_THE TASK_. The whole listing needs retyping exactly; keep the pictures out of it.

━━ MATERIALS PROVIDED ━━

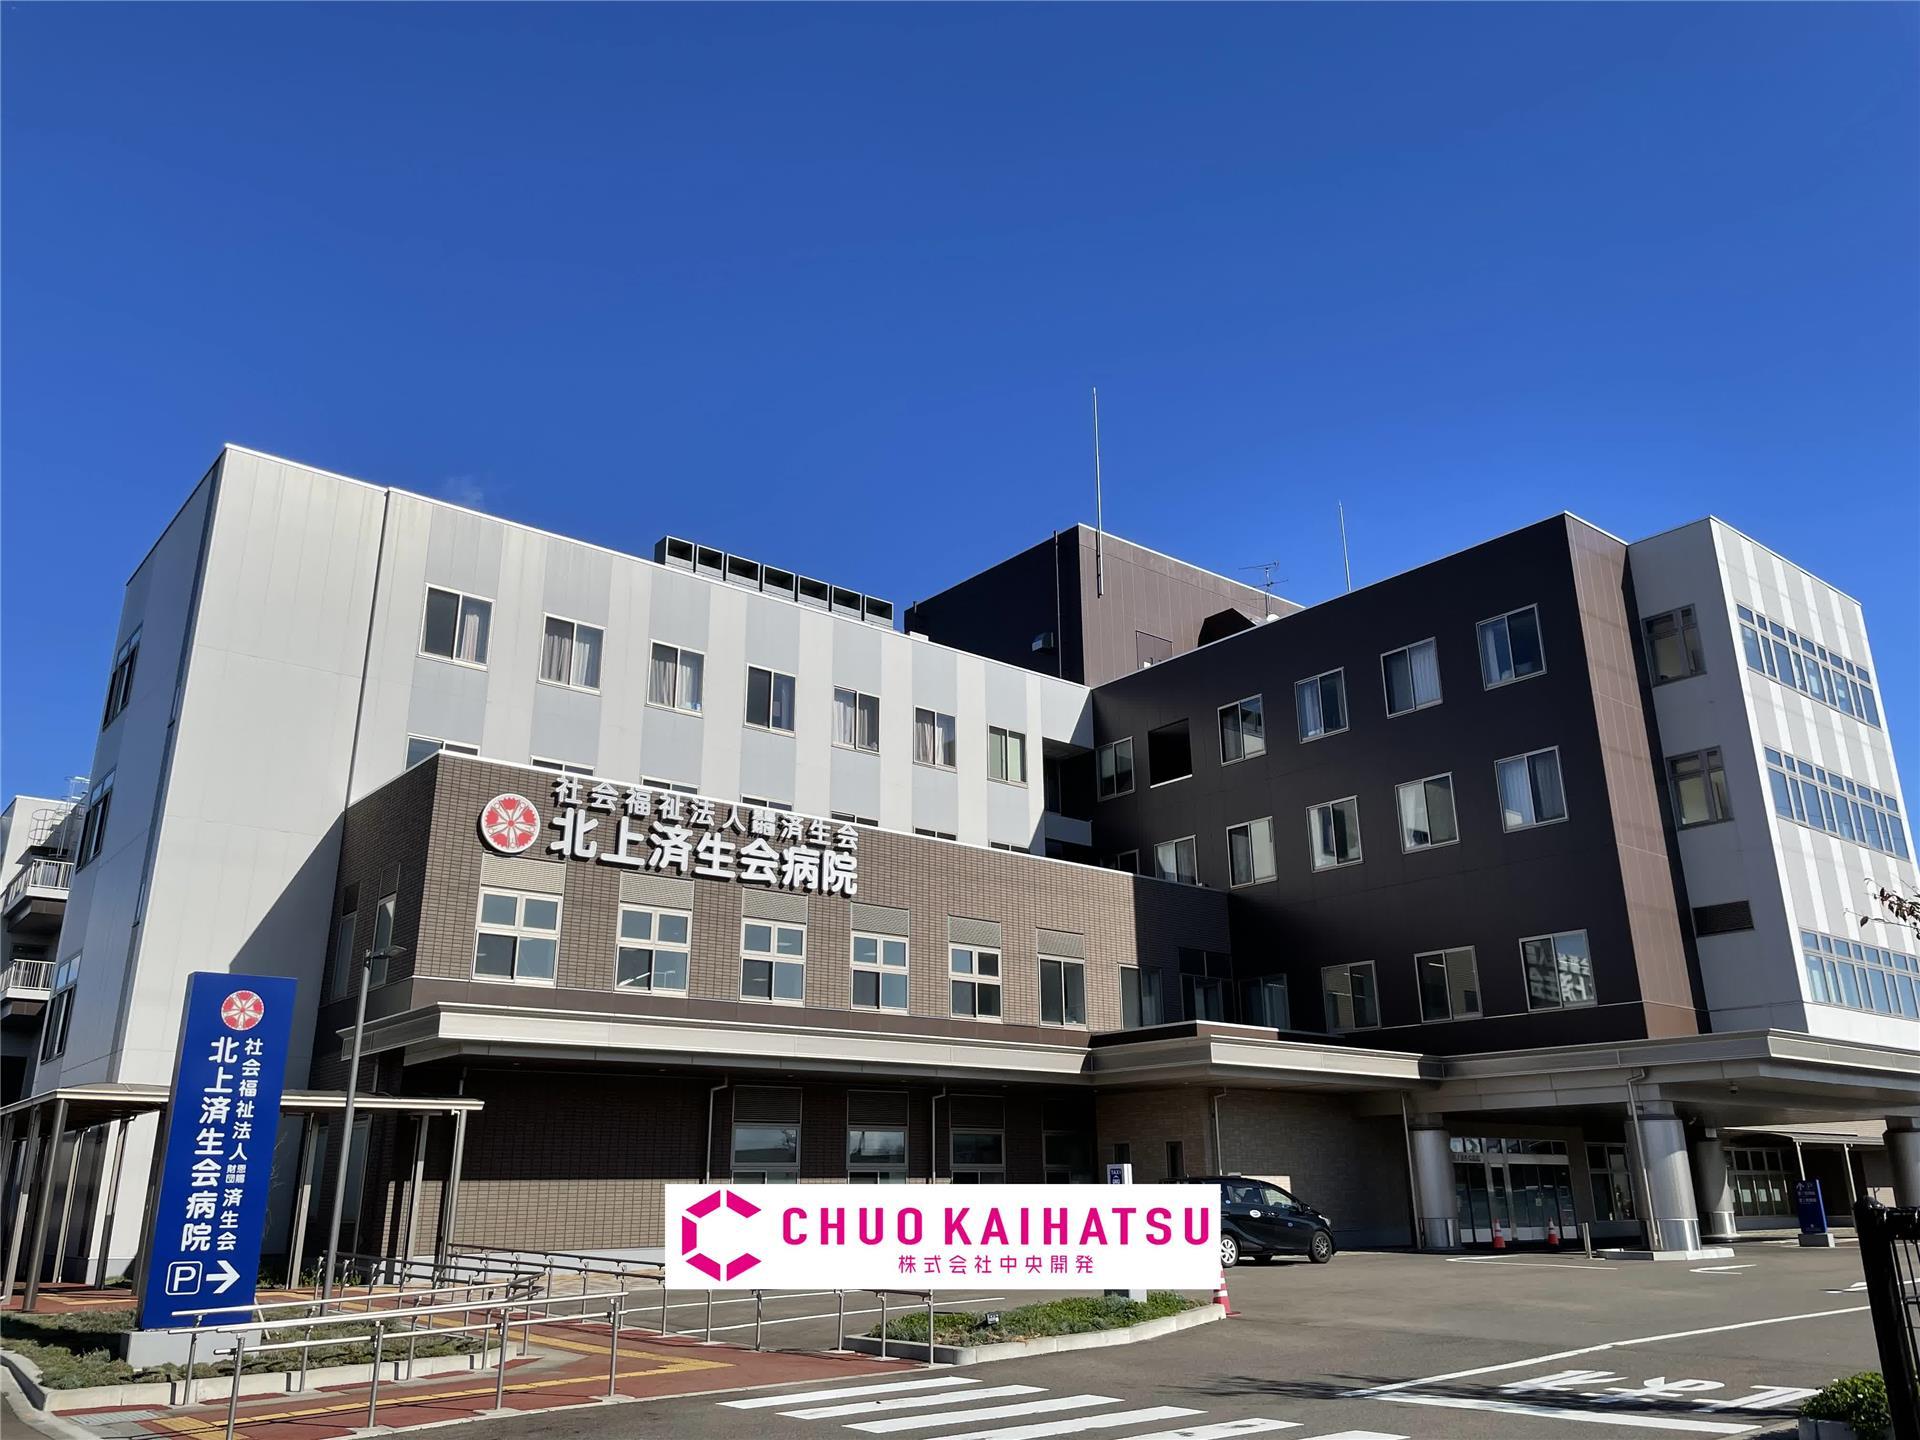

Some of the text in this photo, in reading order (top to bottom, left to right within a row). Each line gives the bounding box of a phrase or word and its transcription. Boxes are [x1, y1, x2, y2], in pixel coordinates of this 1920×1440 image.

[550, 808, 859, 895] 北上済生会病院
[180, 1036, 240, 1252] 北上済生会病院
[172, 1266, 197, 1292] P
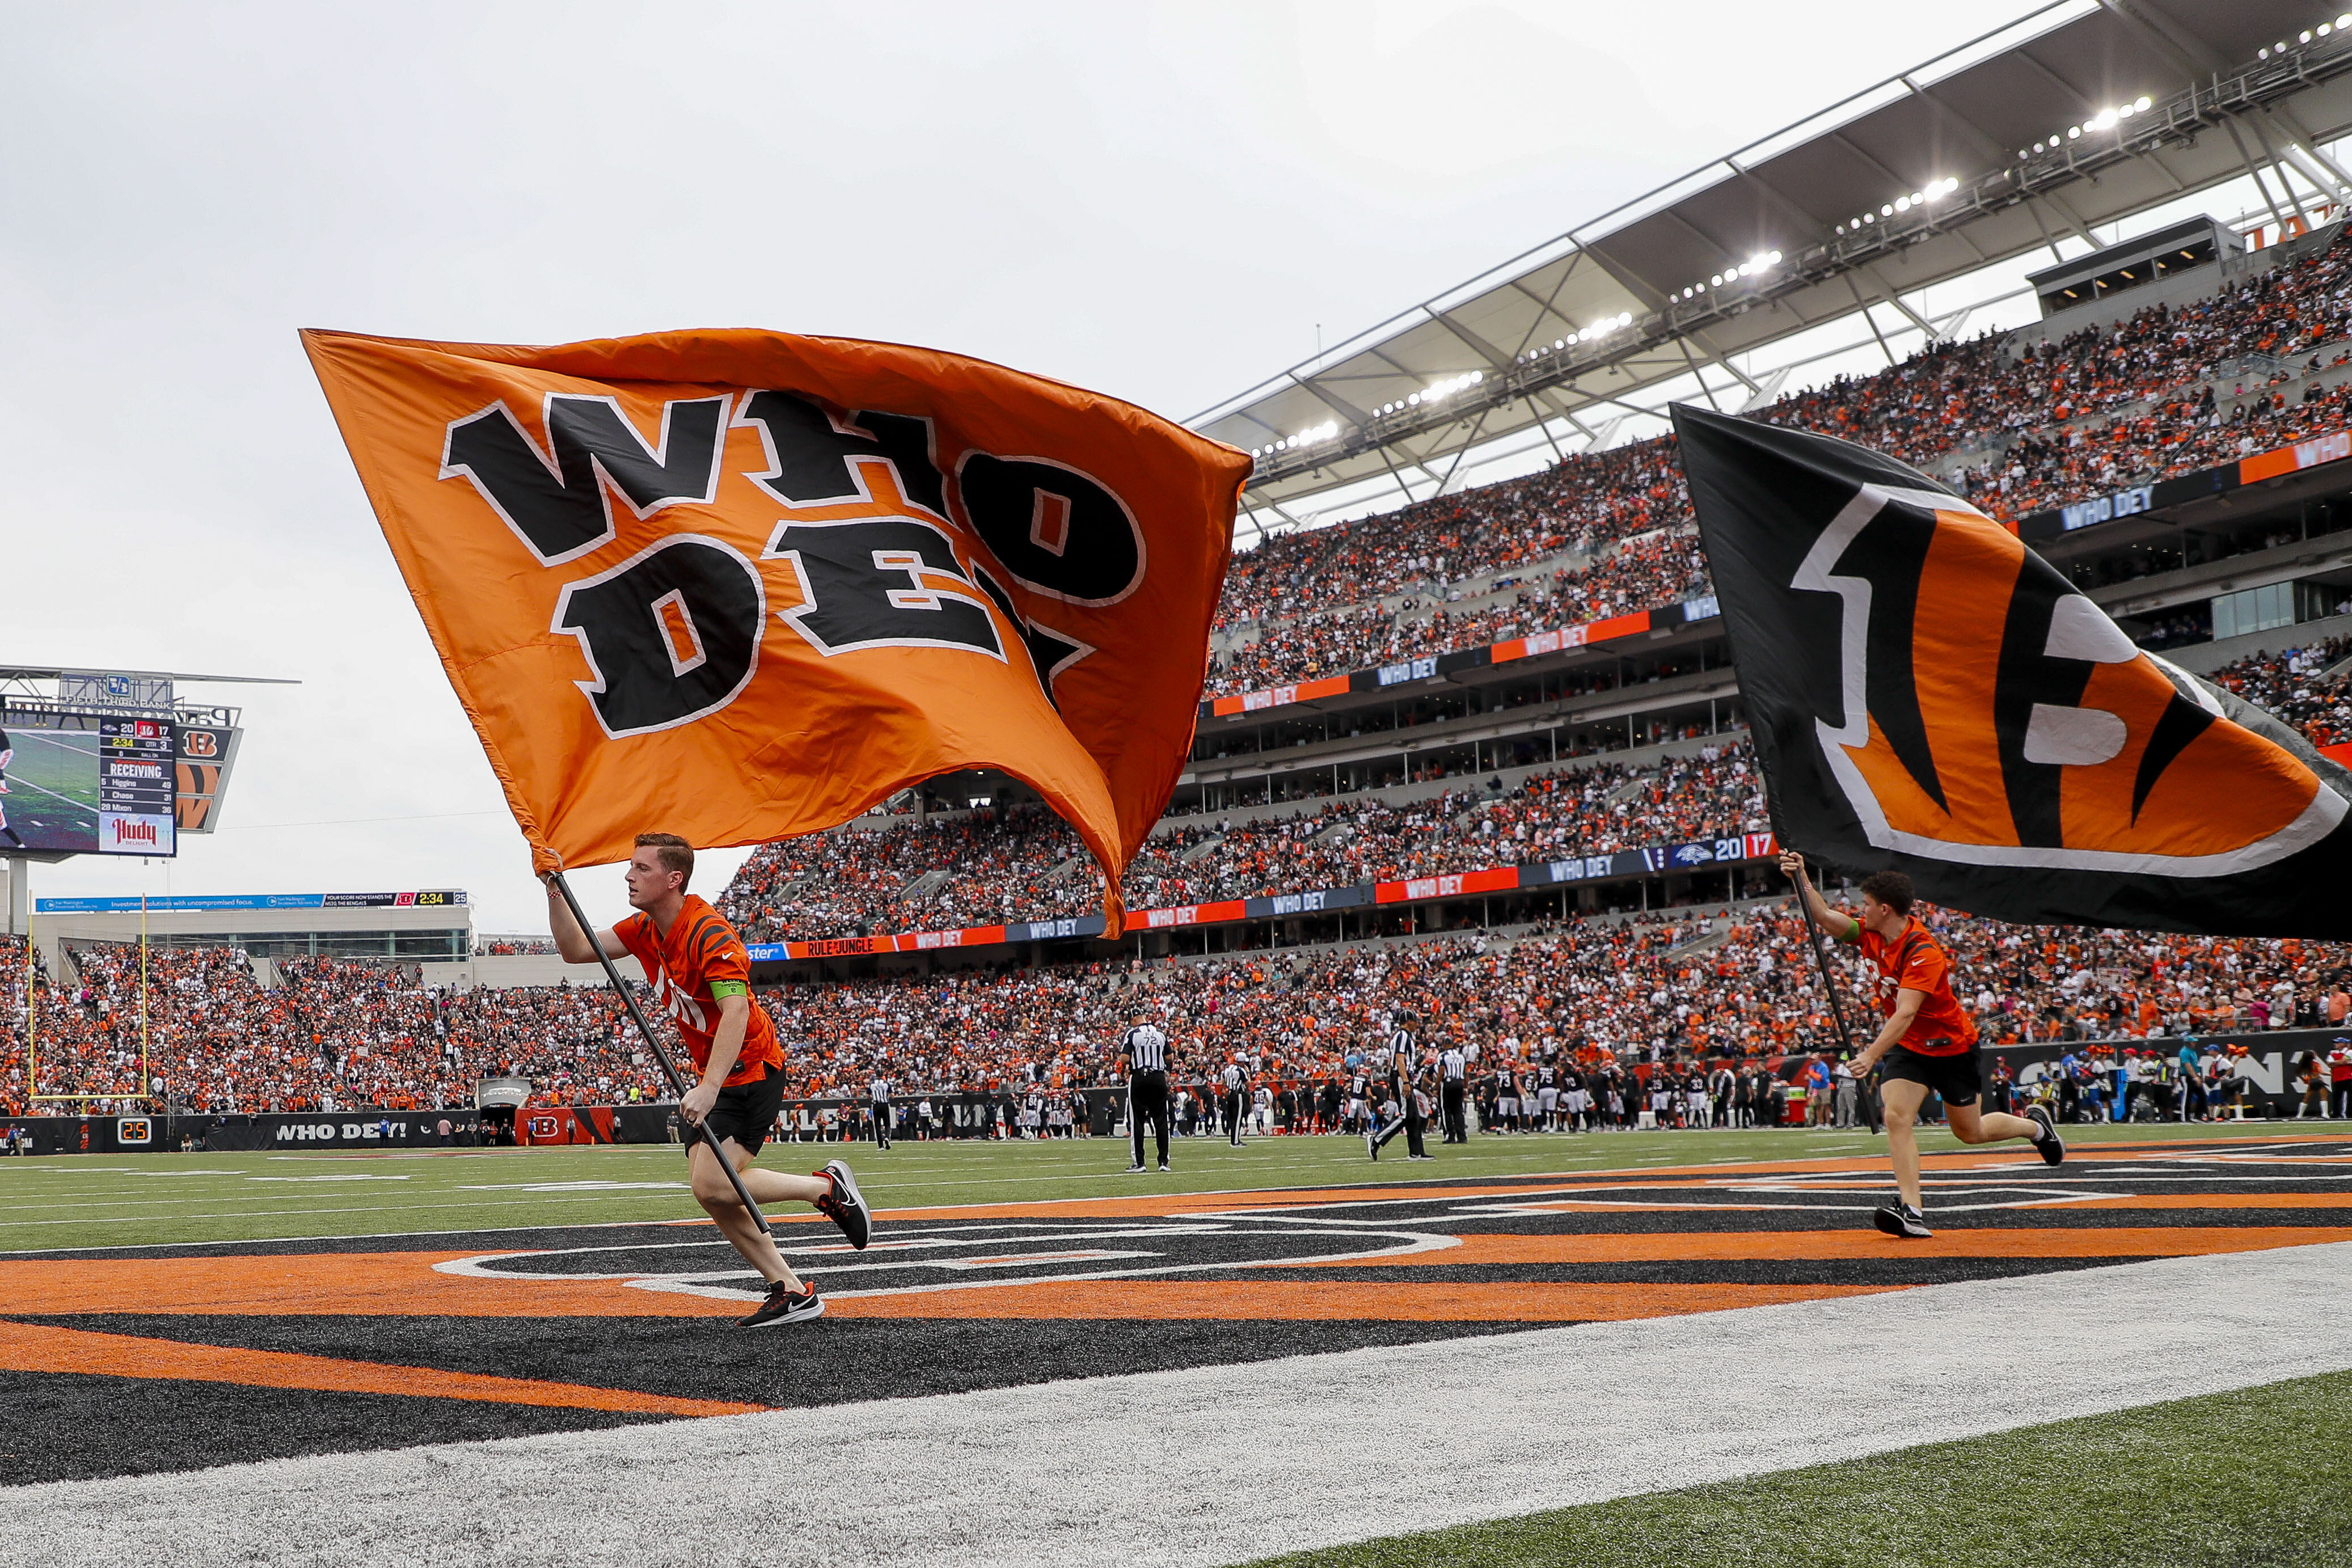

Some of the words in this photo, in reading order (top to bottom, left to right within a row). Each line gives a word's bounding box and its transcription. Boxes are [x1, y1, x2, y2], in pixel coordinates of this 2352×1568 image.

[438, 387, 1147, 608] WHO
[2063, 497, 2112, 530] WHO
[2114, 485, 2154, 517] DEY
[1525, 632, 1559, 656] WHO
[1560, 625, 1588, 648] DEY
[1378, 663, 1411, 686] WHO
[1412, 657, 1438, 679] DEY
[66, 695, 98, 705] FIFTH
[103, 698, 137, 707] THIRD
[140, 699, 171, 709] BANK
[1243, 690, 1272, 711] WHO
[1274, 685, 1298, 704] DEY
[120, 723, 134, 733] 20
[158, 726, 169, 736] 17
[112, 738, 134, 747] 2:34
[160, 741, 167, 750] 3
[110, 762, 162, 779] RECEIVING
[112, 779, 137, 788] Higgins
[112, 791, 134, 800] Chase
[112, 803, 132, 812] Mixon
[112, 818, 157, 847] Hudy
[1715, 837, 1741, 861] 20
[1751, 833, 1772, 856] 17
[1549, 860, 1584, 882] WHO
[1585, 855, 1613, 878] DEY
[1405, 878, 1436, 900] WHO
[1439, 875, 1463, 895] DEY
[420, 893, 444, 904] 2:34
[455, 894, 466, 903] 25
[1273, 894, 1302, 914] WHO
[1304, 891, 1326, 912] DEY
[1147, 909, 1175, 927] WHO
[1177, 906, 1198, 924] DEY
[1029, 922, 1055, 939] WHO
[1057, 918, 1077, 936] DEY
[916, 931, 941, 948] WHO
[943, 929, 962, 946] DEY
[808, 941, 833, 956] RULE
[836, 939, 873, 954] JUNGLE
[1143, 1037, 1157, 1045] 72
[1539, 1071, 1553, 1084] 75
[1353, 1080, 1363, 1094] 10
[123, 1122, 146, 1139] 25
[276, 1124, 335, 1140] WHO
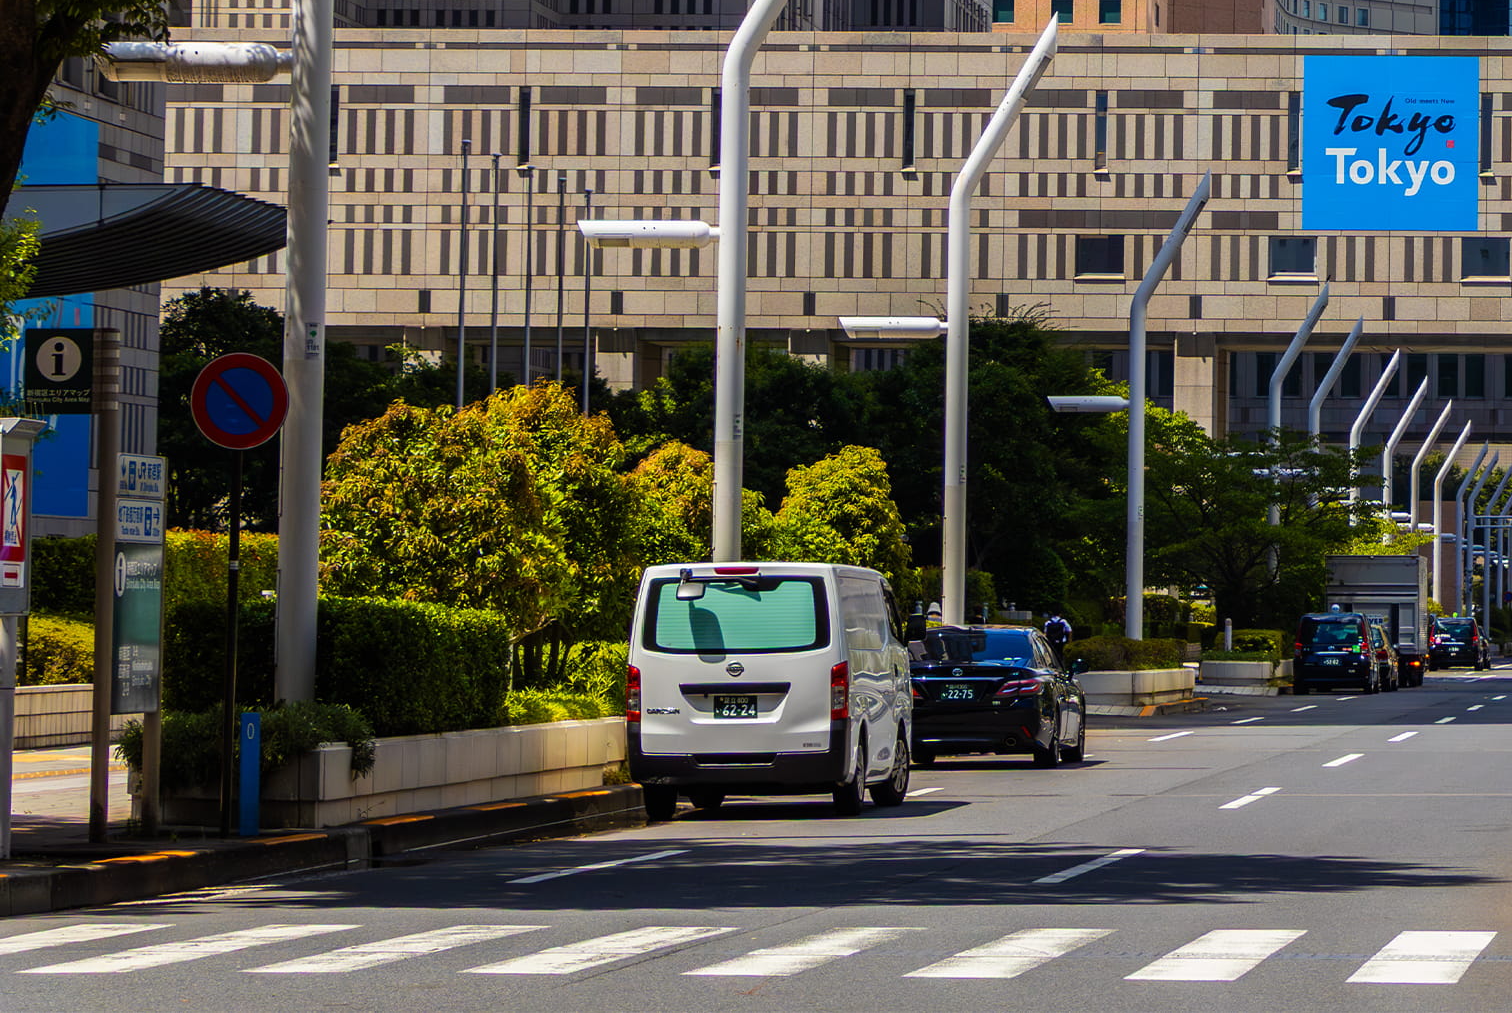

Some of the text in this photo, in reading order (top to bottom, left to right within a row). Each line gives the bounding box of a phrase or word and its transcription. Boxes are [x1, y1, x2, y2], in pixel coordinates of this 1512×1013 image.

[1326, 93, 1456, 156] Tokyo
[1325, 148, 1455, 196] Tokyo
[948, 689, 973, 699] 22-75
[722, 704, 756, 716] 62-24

━━━

_OUTPUT_.
Some of the text in this photo, in reading order (top to bottom, left to right within a row). Each line gives the bounding box of a phrase or word and its transcription. Boxes are [x1, y1, x2, y2], in pixel coordinates of this 1920×1440 image.

[550, 808, 859, 895] 北上済生会病院
[180, 1036, 240, 1252] 北上済生会病院
[172, 1266, 197, 1292] P

Some of the words in this photo, in reading order (top to bottom, left to right within a row). Each line gives a word's bounding box and its transcription. Boxes are [x1, y1, x2, y2], in pixel coordinates of this 2352×1568 image.

[438, 387, 1147, 608] WHO
[2063, 497, 2112, 530] WHO
[2114, 485, 2154, 517] DEY
[1525, 632, 1559, 656] WHO
[1560, 625, 1588, 648] DEY
[1378, 663, 1411, 686] WHO
[1412, 657, 1438, 679] DEY
[66, 695, 98, 705] FIFTH
[103, 698, 137, 707] THIRD
[140, 699, 171, 709] BANK
[1243, 690, 1272, 711] WHO
[1274, 685, 1298, 704] DEY
[120, 723, 134, 733] 20
[158, 726, 169, 736] 17
[112, 738, 134, 747] 2:34
[160, 741, 167, 750] 3
[110, 762, 162, 779] RECEIVING
[112, 779, 137, 788] Higgins
[112, 791, 134, 800] Chase
[112, 803, 132, 812] Mixon
[112, 818, 157, 847] Hudy
[1715, 837, 1741, 861] 20
[1751, 833, 1772, 856] 17
[1549, 860, 1584, 882] WHO
[1585, 855, 1613, 878] DEY
[1405, 878, 1436, 900] WHO
[1439, 875, 1463, 895] DEY
[420, 893, 444, 904] 2:34
[455, 894, 466, 903] 25
[1273, 894, 1302, 914] WHO
[1304, 891, 1326, 912] DEY
[1147, 909, 1175, 927] WHO
[1177, 906, 1198, 924] DEY
[1029, 922, 1055, 939] WHO
[1057, 918, 1077, 936] DEY
[916, 931, 941, 948] WHO
[943, 929, 962, 946] DEY
[808, 941, 833, 956] RULE
[836, 939, 873, 954] JUNGLE
[1143, 1037, 1157, 1045] 72
[1539, 1071, 1553, 1084] 75
[1353, 1080, 1363, 1094] 10
[123, 1122, 146, 1139] 25
[276, 1124, 335, 1140] WHO

Some of the text in this photo, in reading order (top to bottom, left to right within a row). Each line gives the bounding box of a phrase or word and its transcription. Boxes are [x1, y1, x2, y2], in pixel coordinates of this 1512×1013 image.

[1326, 93, 1456, 156] Tokyo
[1325, 148, 1455, 196] Tokyo
[948, 689, 973, 699] 22-75
[722, 704, 756, 716] 62-24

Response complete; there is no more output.